Top of RECORD EXTRACTS
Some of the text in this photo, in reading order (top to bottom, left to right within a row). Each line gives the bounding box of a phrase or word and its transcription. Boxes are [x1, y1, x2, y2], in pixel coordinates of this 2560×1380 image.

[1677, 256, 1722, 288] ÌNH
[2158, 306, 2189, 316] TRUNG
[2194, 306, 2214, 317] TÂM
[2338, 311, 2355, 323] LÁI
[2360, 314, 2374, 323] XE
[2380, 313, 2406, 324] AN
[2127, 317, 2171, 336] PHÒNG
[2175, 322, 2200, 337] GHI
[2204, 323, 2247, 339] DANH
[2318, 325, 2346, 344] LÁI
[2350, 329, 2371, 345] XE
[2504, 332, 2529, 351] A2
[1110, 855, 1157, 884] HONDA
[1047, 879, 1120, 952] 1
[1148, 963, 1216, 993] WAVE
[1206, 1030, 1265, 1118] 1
Bottom of RECORD EXTRACTS
### BRIEF
All of the entries above should be transcribed exactly, line for line.

### OUTPUT OF THE EXERCISE
Some of the text in this photo, in reading order (top to bottom, left to right within a row). Each line gives the bounding box of a phrase or word and its transcription. Boxes are [x1, y1, x2, y2], in pixel coordinates of this 2560×1380 image.

[1677, 256, 1722, 288] ÌNH
[2158, 306, 2189, 316] TRUNG
[2194, 306, 2214, 317] TÂM
[2338, 311, 2355, 323] LÁI
[2360, 314, 2374, 323] XE
[2380, 313, 2406, 324] AN
[2127, 317, 2171, 336] PHÒNG
[2175, 322, 2200, 337] GHI
[2204, 323, 2247, 339] DANH
[2318, 325, 2346, 344] LÁI
[2350, 329, 2371, 345] XE
[2504, 332, 2529, 351] A2
[1110, 855, 1157, 884] HONDA
[1047, 879, 1120, 952] 1
[1148, 963, 1216, 993] WAVE
[1206, 1030, 1265, 1118] 1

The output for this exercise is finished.